Le festival universitaire
international du cinéma et de la littérature (FUICLA) organisé par la faculté
des lettres de l’université Ibn Zohr d’Agadir a remis au devant de la scène la
question récurrente de l’adaptation. Récurrente du point de vue de l’histoire
du cinéma mais aussi eu égard à sa pertinence dans le débat sur le cinéma
marocain. En effet, beaucoup de malentendus, sinon de clichés, ont « pollué »
un éventuel échange entre les acteurs de deux champs d’expression. On a même
avancé que les cinéastes boudent le roman marocain, notamment dans sa version
arabe. Au-delà de cette polémique, revisitons quelques repères historiques. Je
propose en premier lieu le mot que j’avais publié dans le catalogue de la
première édition du FUICLA, mot que j’avais intitulé, en me référant
implicitement à Pasolini, « des graphèmes aux cinèmes » ; tout
en étant conscient qu’il n’ y a pas d’art pur (dixit Bazin ?), car il y a
beaucoup de graphèmes dans les cinèmes et des cinèmes dans les graphèmes ;
c’est pour cela peut-être que j’ai ajouté comme en sous-titrage « la
transhumance des signes », motivé peut-être par mes retrouvailles avec mon
sud natal, pays de transhumance et d’émigration, ou par ma conviction que le nomadisme est désormais
le paradigme incontournable des tempes modernes ; un retour aux sources de
l’humanité qui est née nomade, n’est-ce pas ?

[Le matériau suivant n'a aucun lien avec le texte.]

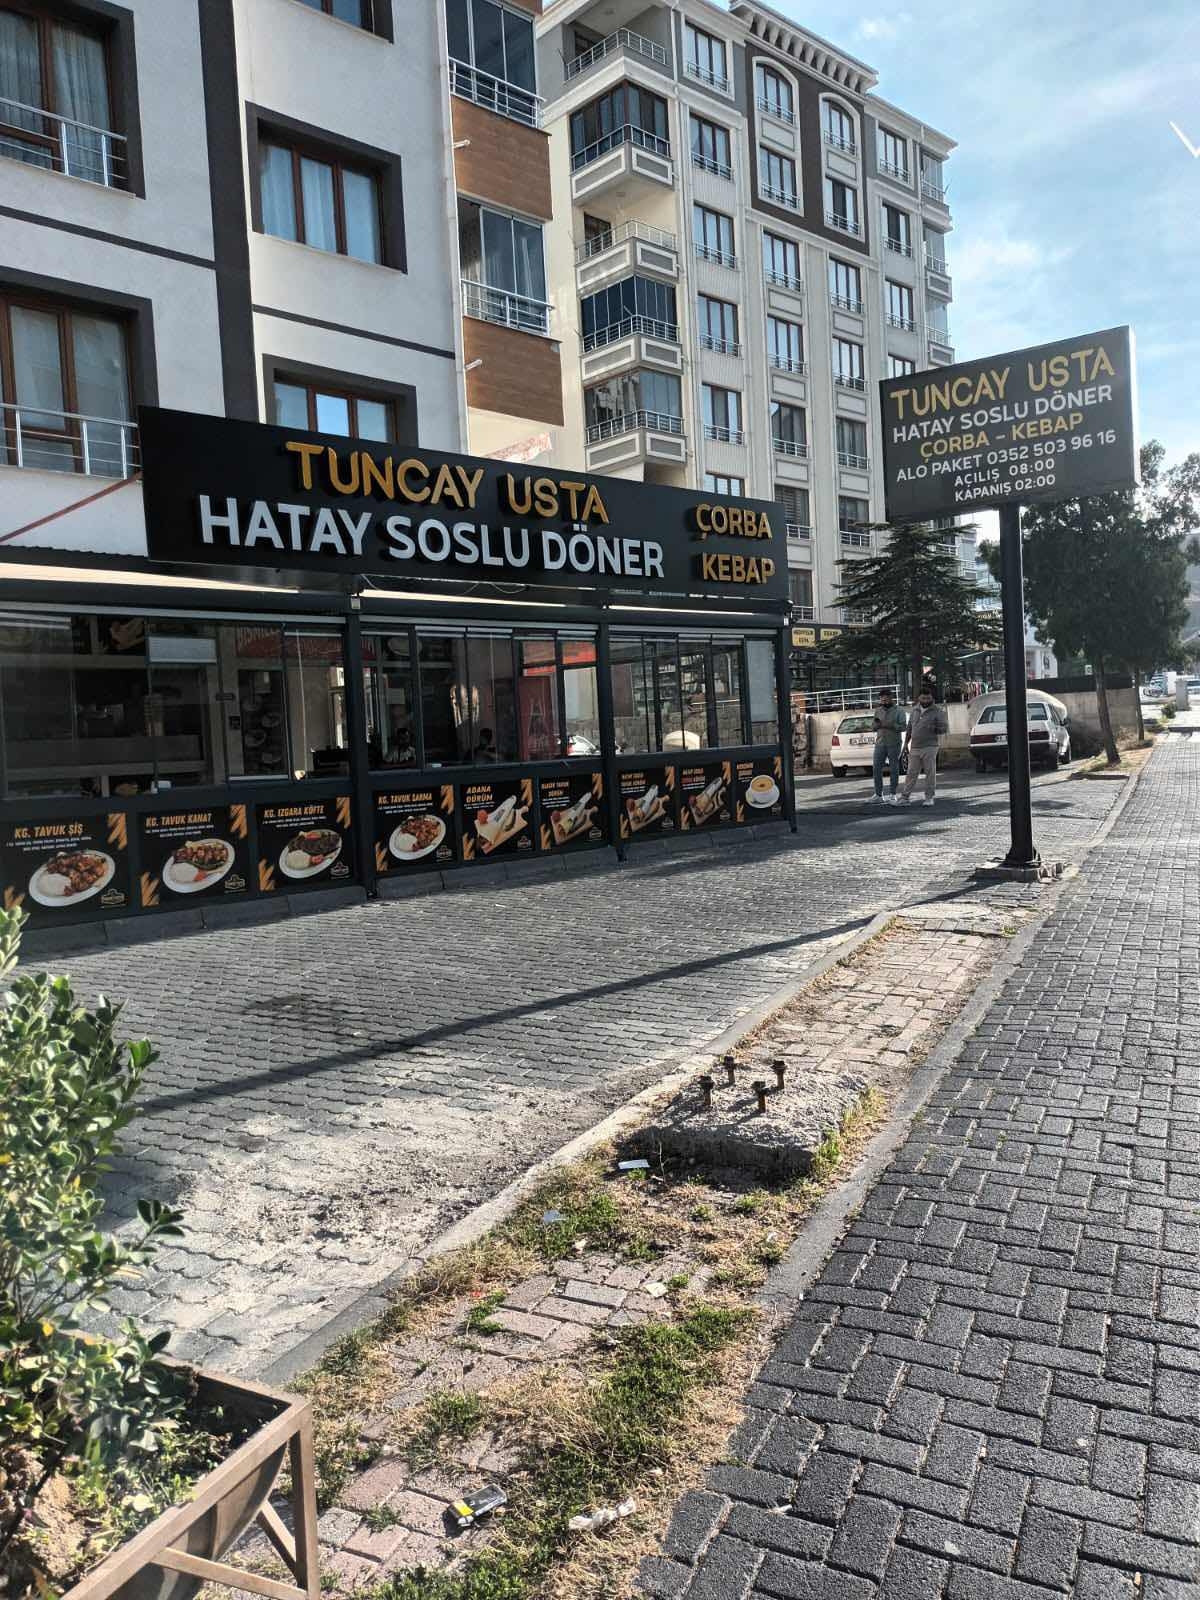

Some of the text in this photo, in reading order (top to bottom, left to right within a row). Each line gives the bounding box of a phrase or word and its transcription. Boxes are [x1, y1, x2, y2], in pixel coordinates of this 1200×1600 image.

[889, 346, 1116, 420] TUNCAY USTA
[893, 384, 1112, 443] HATAY SOSLU DÖNER
[920, 430, 990, 463] ÇORBA
[1011, 412, 1084, 440] KEBAP
[896, 430, 1117, 482] ALO PAKET 0352 503 96 16
[286, 441, 485, 509] TUNCAY
[507, 473, 609, 524] USTA
[954, 458, 1056, 489] AÇILIŞ 08:00
[954, 474, 1056, 502] KAPANIŞ 02:00
[199, 495, 665, 578] HATAY SOSLU DÖNER
[696, 504, 773, 540] ÇORBA
[702, 552, 776, 584] KEBAP
[391, 794, 411, 803] TAVUK
[466, 785, 491, 794] ADANA
[145, 813, 212, 827] KG. TAVUK KANAT
[277, 807, 302, 817] IZGARA
[14, 828, 31, 839] KG.
[34, 825, 66, 838] TAVUK
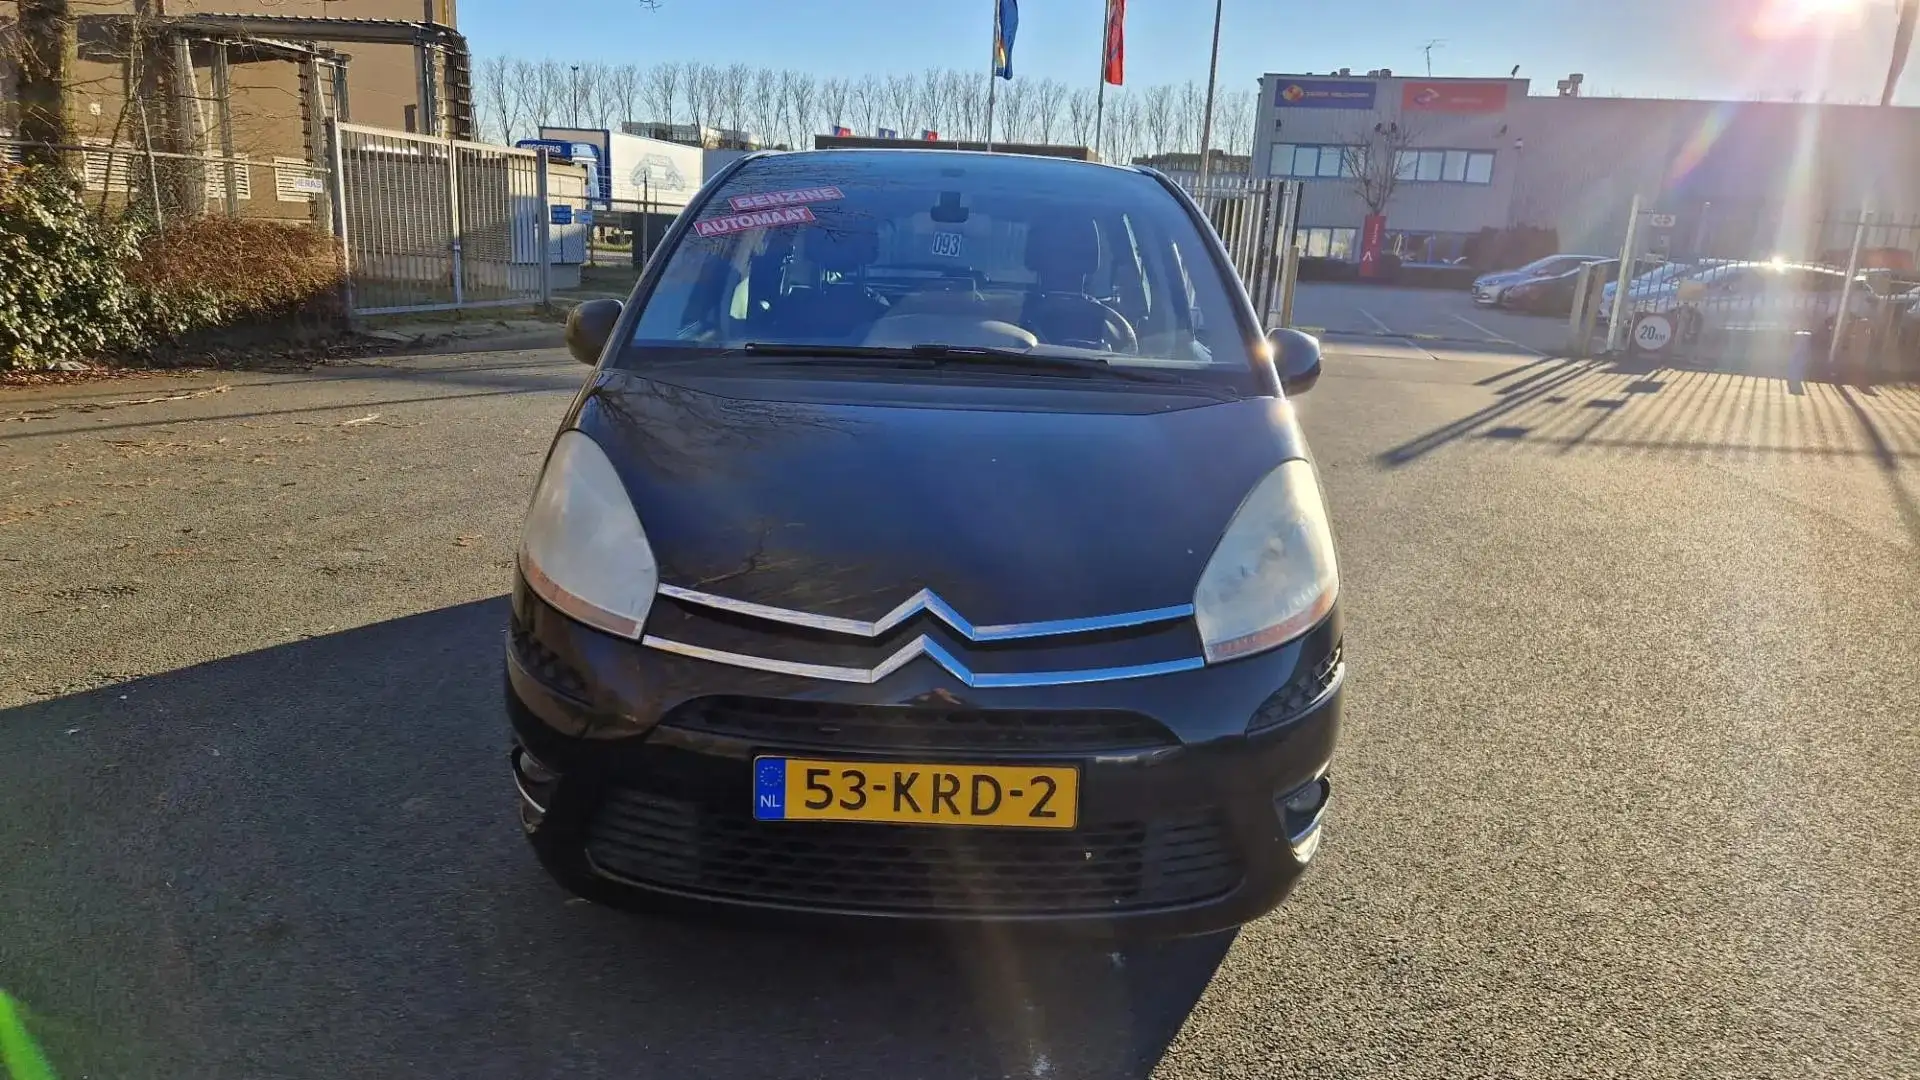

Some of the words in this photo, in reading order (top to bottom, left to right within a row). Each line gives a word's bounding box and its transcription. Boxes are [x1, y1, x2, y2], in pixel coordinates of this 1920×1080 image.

[737, 188, 837, 208] BENZINE
[701, 208, 806, 235] AUTOMAAT
[933, 233, 960, 256] 093
[760, 794, 782, 809] NL
[803, 767, 1058, 818] 53-KRD-2

Les signes sont des éternels
nomades ! Ils voyagent entre les formes et les linges ; entre les
couleurs et les sons ; entre les supports et les medium…quand ils ne sont
pas eux-mêmes le signifié de leur signifiant. Agadir et sa faculté des lettres
proposent de les croiser comme un carrefour des signes ; aller à la recherche
du scriptural dans l’iconique et l’iconique dans le scriptural.
La question de la transposition,
concept que je préfère celui de l’adaptation a rencontré très tôt le cinéma.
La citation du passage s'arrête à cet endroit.